どちらにしても、人を荷のように扱うやり方に変わりはない。
リゼが木炭を置いた。
「じゃあ次に見るのは三つ」
一本目の指を立てる。
「北舎に入る荷」
二本目。
「北舎から出る人」
三本目。
「札の流れ」
セシアは頷く。
どこへ送るのか。
誰を送るのか。
何で識別しているのか。
白の流れを追うなら、その三つを外せない。
その時、階下でまた小さな音がした。
今度は全員が一度で息を止めた。
昨日までなら、セシアとリゼだけが反応していたかもしれない。けれど今は、ミナもエナもルイも、身体が先に固まる。

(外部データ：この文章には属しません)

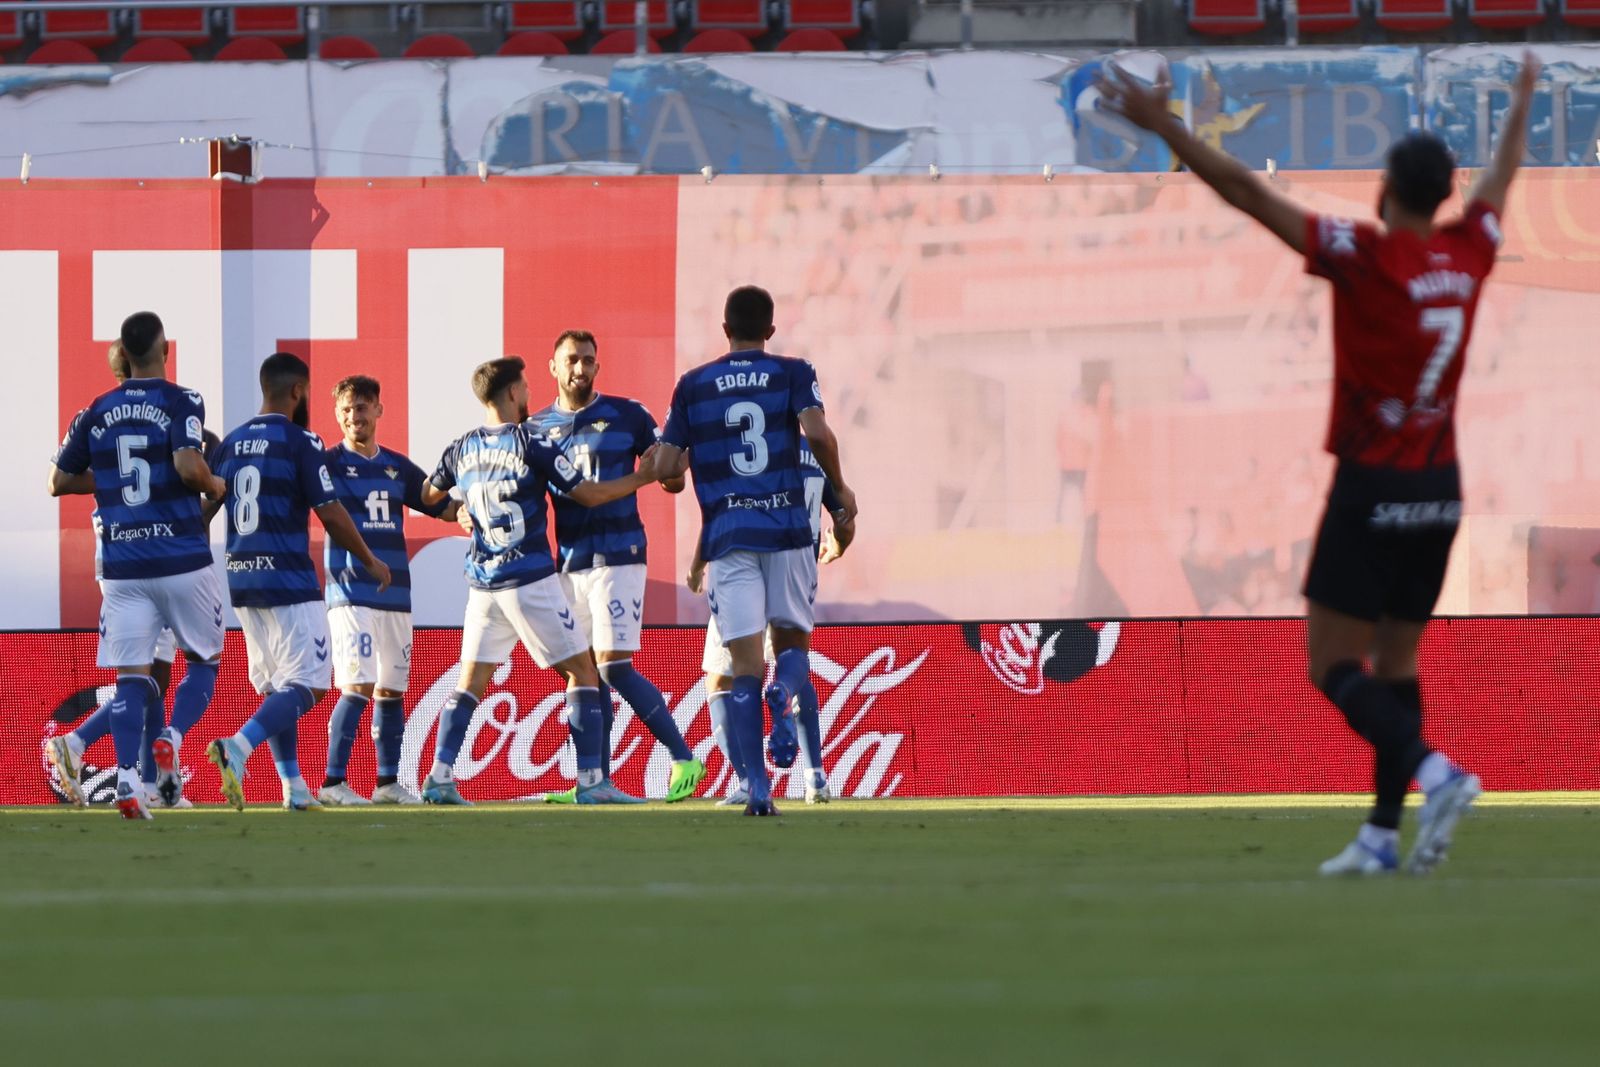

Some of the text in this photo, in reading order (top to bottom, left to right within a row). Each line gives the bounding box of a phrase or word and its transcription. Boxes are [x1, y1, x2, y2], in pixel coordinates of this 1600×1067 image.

リゼがすぐに立ち上がり、足音を殺して階段口まで行く。
しばらく待ち、戻ってくる。
「大丈夫。風で板が鳴っただけ」
そう言っても、すぐには空気が解けなかった。
ミナが自分の肩を抱くようにして、小さく言う。
「……ずっと、こう?」
その問いに、誰もすぐには答えられなかった。
こう、とはたぶん、隠れて、怯えて、音に身体を強張らせながら過ごすことだ。
セシアは少しだけ考えてから、静かに言った。
「ずっとじゃないです」
それは願いではなく、そうしなければいけないという意味だった。
「終わらせます」
ミナはセシアを見た。
その目の中には、まだ信じきれない色も残っている。けれど、前より少しだけ違った。
エナが机の上の紙を見つめたまま、ぽつりと聞く。
「名前、まだ書いてある?」
セシアは祈祷書を開いた。
そこには、ミナ、エナ、ルイ、トマの名前が並んでいる。整った字ではない。書き急いだような線もある。けれど、それでよかった。
「あります」
そう見せると、ルイの指先が少しだけその頁へ伸びて、途中で止まる。
触れていいのか迷ったらしい。
「触っていいですよ」
セシアが言うと、ルイはほんの少しだけ指先で名前の近くを撫でた。
「……ここにある」
その呟きが胸に刺さる。
ここにある。
その当たり前を、あの白い場所は奪っていくのだ。
「トマも」
ミナが言った。
「トマも、ここにある」
セシアは頷いた。
今はそれしかできない。
でも、それだけでは終わらせない。
リゼがもう一度窓の隙間から外を見た。
白い家の方角はここからは見えない。
北舎も、もちろん見えない。
それでも、町のどこかで白い流れは今日も動いている。
「日が落ちる前に、もう一回北を見る」
リゼが言う。
「何回も言うけど今日は入らないよ。流れをみるだけだからね」
セシアも立ち上がった。
「私も行きます」
「よし」
短い返事だった。
そのやりとりに、少しだけいつもの調子が戻る。
ほんの少しだけだが、それで十分だった。
セシアは祈祷書を閉じた。
名前はまだそこにある。
白い家の先に、北舎があった。
その先にトマがいるかもしれない。
なら、追うしかない。
窓の外では、昼の光が少しずつ傾き始めていた。